What you have to do — All lines from the one containing "Some of the text" through the last line of the listing below are to be copied exactly. Exclude the pictures.

Extracted entries —
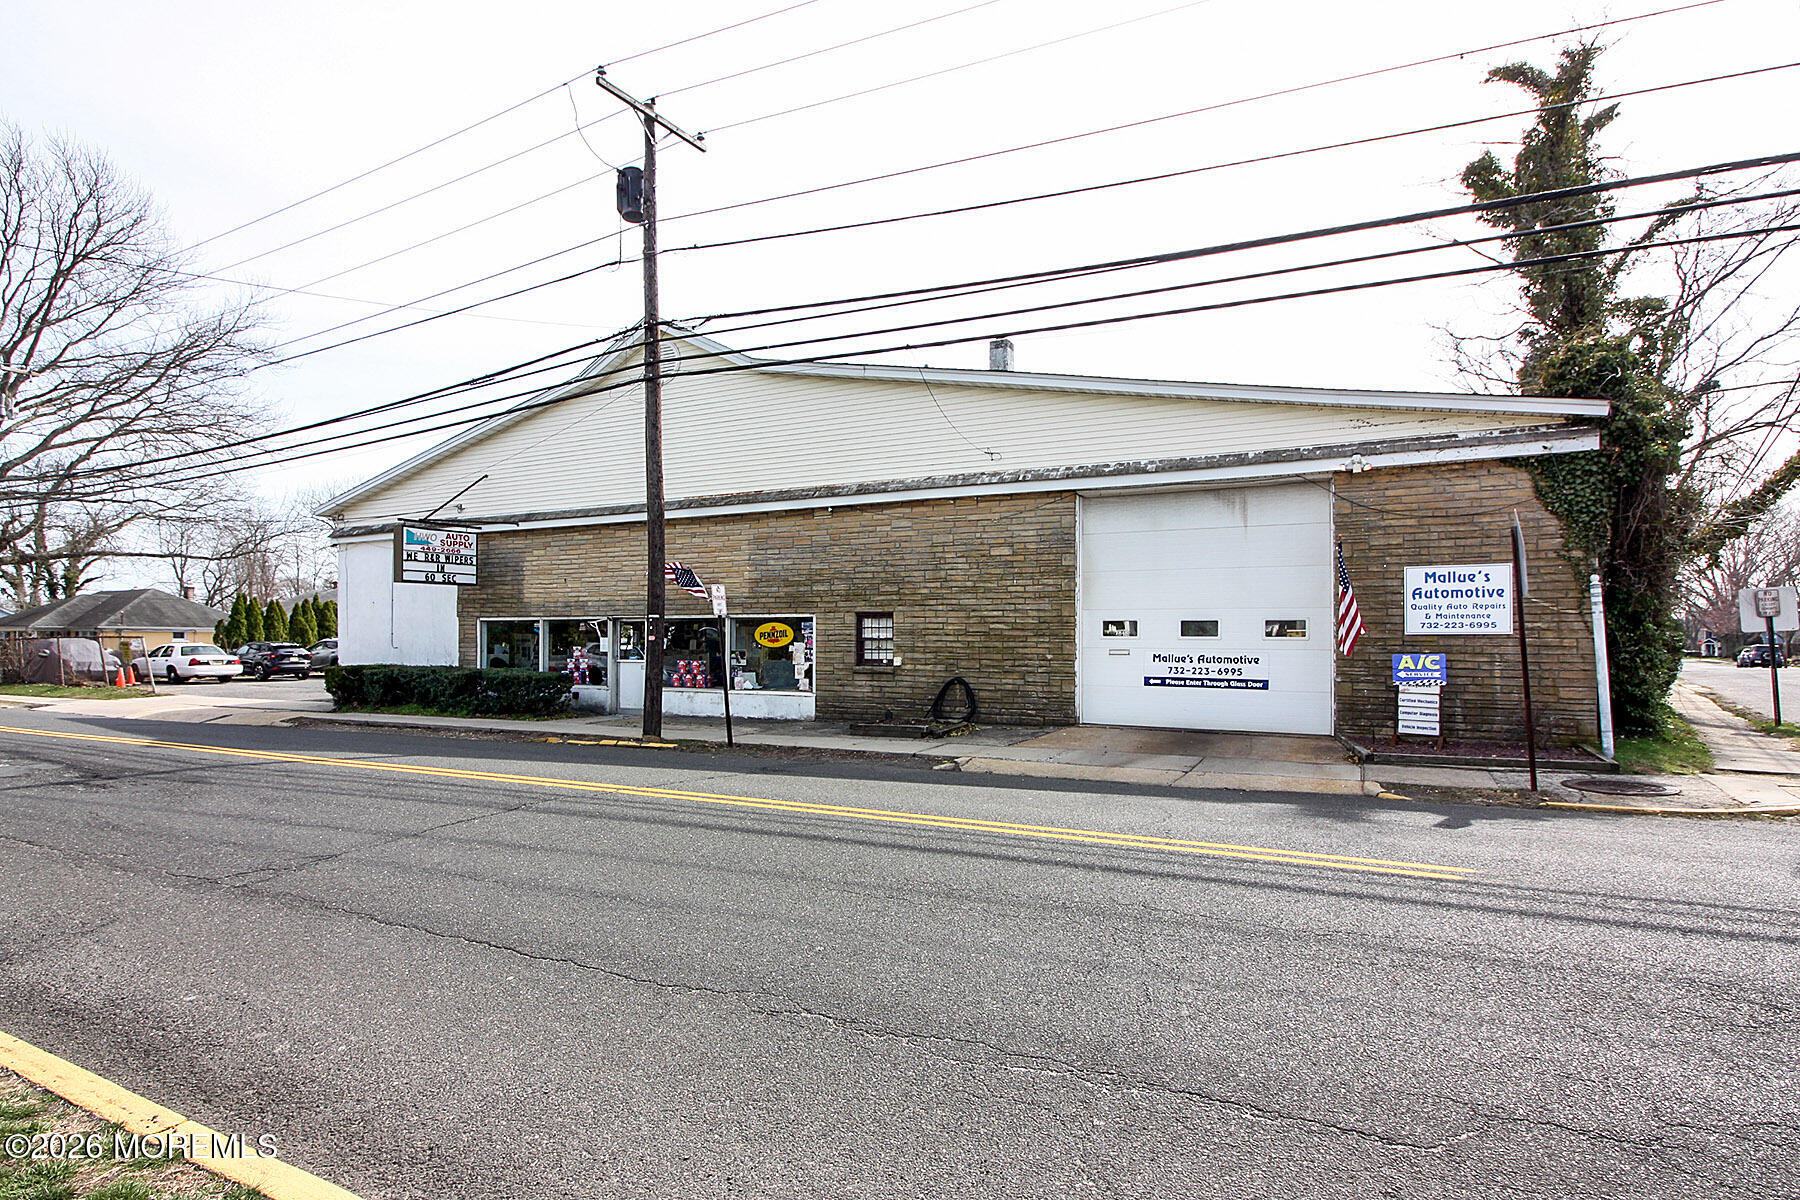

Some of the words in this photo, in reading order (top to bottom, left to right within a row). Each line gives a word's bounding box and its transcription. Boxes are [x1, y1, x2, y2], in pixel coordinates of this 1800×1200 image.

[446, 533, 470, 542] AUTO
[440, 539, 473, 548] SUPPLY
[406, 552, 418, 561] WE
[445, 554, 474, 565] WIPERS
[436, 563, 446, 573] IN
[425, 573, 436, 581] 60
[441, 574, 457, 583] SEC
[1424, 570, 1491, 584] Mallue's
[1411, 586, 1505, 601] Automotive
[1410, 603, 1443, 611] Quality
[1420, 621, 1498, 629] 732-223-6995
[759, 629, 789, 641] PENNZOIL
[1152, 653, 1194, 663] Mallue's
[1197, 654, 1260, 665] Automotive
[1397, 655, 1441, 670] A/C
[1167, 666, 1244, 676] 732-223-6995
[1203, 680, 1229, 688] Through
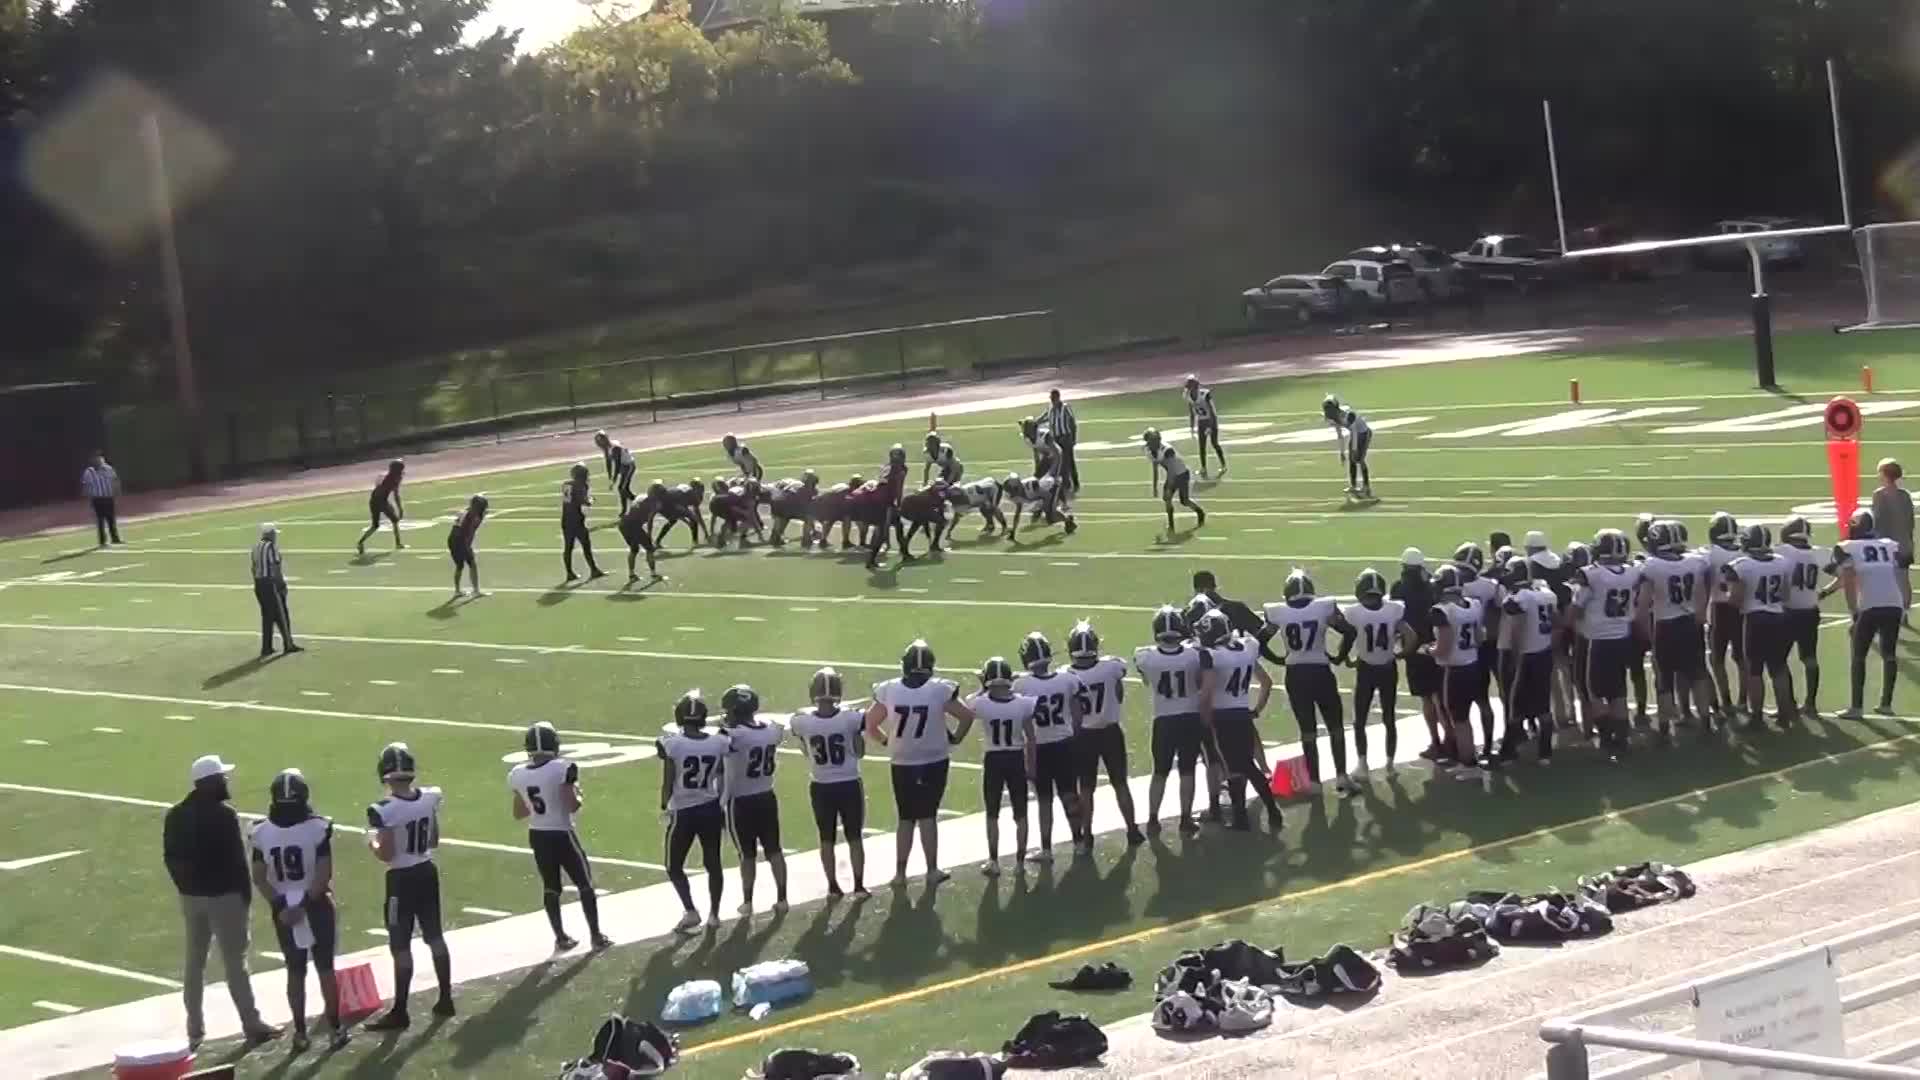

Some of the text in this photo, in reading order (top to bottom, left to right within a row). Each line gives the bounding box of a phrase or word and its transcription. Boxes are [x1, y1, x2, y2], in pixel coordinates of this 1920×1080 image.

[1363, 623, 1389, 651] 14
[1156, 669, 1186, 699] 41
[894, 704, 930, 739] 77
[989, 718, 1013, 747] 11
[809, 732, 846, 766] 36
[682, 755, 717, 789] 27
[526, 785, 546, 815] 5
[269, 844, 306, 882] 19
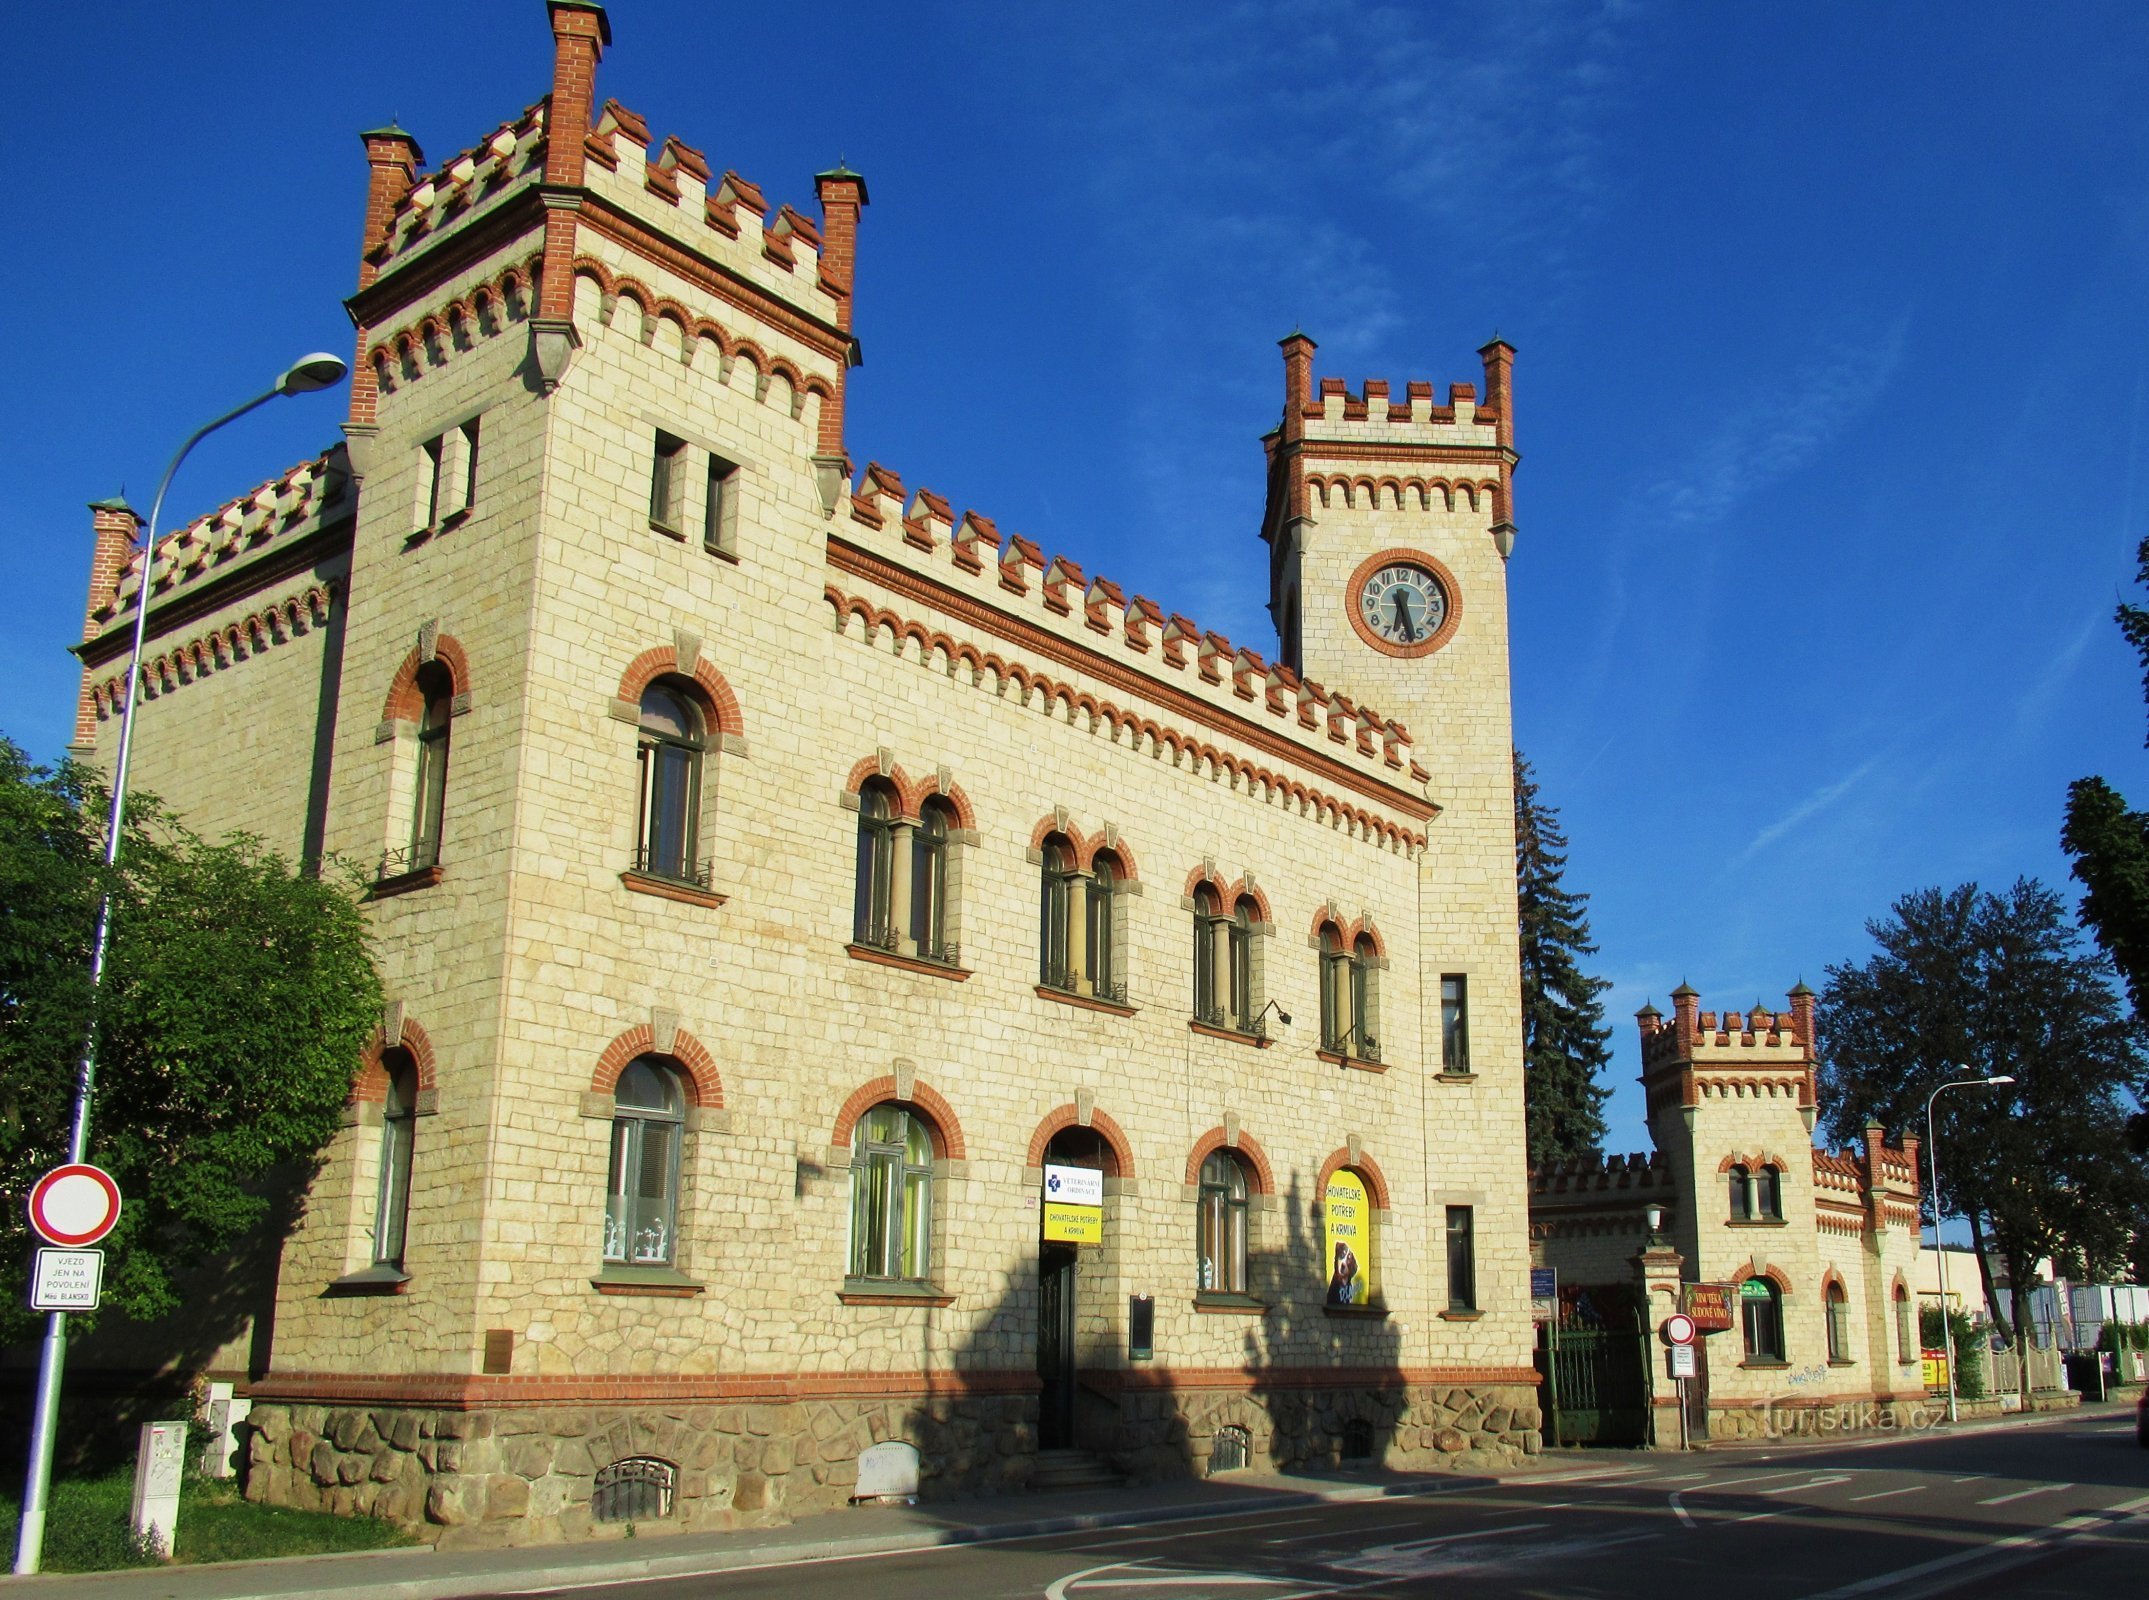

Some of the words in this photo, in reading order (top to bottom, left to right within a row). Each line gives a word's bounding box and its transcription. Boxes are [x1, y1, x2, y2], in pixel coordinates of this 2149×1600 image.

Response below —
Some of the text in this photo, in reading order (top to bottom, left to right within a row). Each line gives the bounding box of a phrase or word and its transcription. Boxes are [x1, y1, x2, y2], in pixel coordinates of this 1920×1080 image.

[1363, 623, 1389, 651] 14
[1156, 669, 1186, 699] 41
[894, 704, 930, 739] 77
[989, 718, 1013, 747] 11
[809, 732, 846, 766] 36
[682, 755, 717, 789] 27
[526, 785, 546, 815] 5
[269, 844, 306, 882] 19

Some of the words in this photo, in reading order (top to bottom, left to right within a row). Each line gives a word's bounding box and its transcription. Boxes are [x1, y1, x2, y2], in pixel coordinates of this 2149×1600 image.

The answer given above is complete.